No worries. A company with such huge heart and tenacity doesn’t need a ‘proper’ set or lights. They just need an audience willing to imagine and believe.

I love Redone Theatre Collective. They take non-traditional spaces and produce contemporary and original plays in them. The budget is a shoestring. The imagination that goes into pulling off their productions is priceless.

For <strong>Pvt. WARS we are in a hospital. I’m assuming the hospital caters to men who are in the military and have been wounded in action, either physically or mentally, or both. They are suffering their own private wars (hence he clever title) in dealing with the world at large and their own problems in particular.

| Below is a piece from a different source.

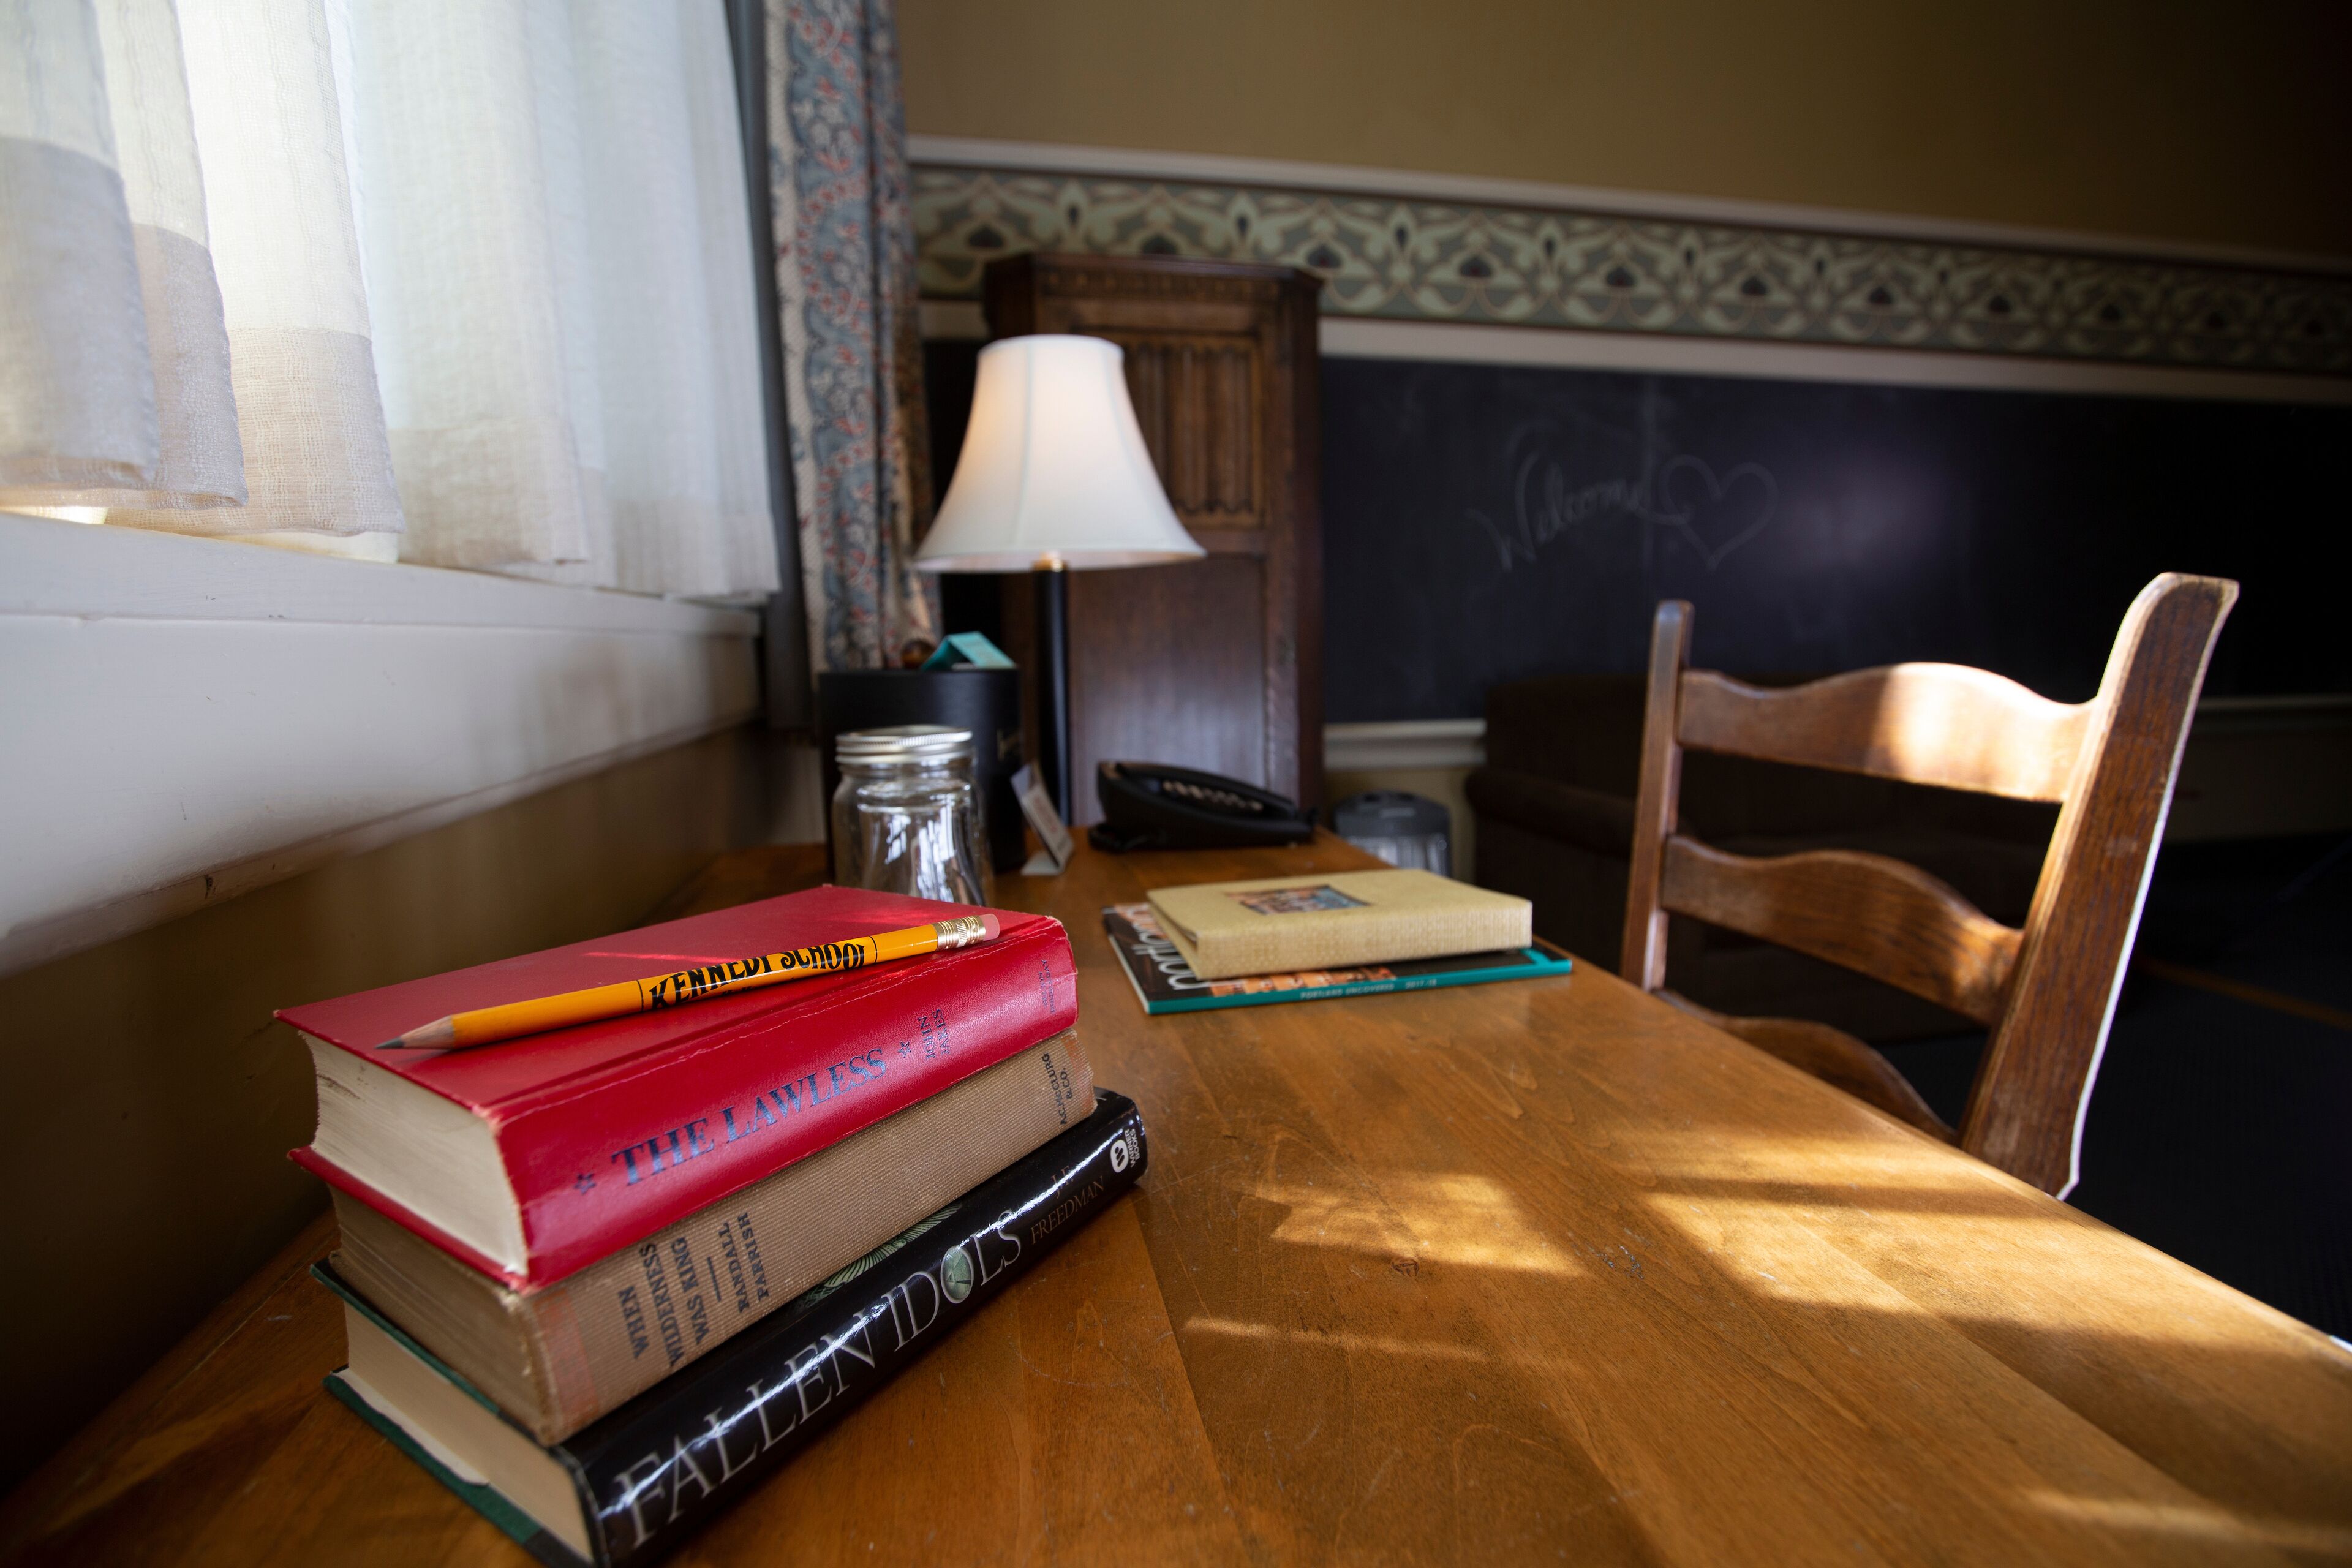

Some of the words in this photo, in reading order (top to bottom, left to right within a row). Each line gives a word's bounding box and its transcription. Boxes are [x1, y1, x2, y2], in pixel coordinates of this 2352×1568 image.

They all wear robes over seat pants or underwear. Gately is a tenacious, patient man who keeps busy by fixing a broken radio for one of his friends in the hospital. He is told the folly of this by another patient because the man to whom Gately will give the radio has no arms or legs, and sadly has died the night before. No matter, Gately is determined to fix the radio. He is told repeatedly that he can leave the hospital when he wants to but he refuses. Perhaps he is afraid of the outside world and finds comfort in the hospital.

Natwick is another patient. He is fastidious; well off—he alludes to the fact he comes from money and his mother had big plans for him. All of them failed. He is educated—he reads the New York Times and the New Yorker Magazine. But the knowledge that he has not turned out as expected grinds down on him.

Finally Silvio enters. He is a cocky, swaggering macho man who flashes the nurses every time he can. He was physically wounded in some battle or other and that has affected him emotionally and psychologically. Gately calls him psychotic. Silvio is a loose canon waiting to do serious damage. He will get out of the hospital as long as someone will take responsibility for taking care of him. The other two men give him a wide berth, although Gately seems to be the best at handling him.

James McLure has written an interesting play about the damage wars cause on men who fight in them. He has also written full bodied characters with many layers and sides to them. The focus of the play sometimes slides, but it is interesting enough to keep our interest.

The cast is totally committed and absolutely compelling. The audience surrounds the playing space so proximity is extremely close. Their attention of each actor to each other never wavers. As Gately, Benjamin Blais is easy-going, determined, confident except when it wavers and he is not sure he can cope on his own. It’s a performance full of charm, tenacity and sadness.

As Natwick, Joe Dinicol is fastidious in his carefully tied rich-looking dressing gown. He looks every inch the preppy son of money. For all his confidence when dealing with people whom he feels are inferior to him, he does have that tinge of failure, and ‘not good enough’ about him.

Finally as Silvio, David Reale is a quick moving, tight-jawed, fist-clenched bully. He is always looking for a fight and is dangerous. He hones in on the person he thinks is weak and keeps at him. For a laugh he put crazy glue on Natwick’s cup. Natwick put his hand around it and for most of the play, it stuck. Natwick kept his hand and cup in his robe pocket.

Director Amos Crawley keeps the action quick paced and even dangerous. The tension between the men is beautifully established and sustained.

Redone Theatre Company can take adversity and with ingenuity and tenacity can keep the show going. They, and Pvt. WARS deserve out attention.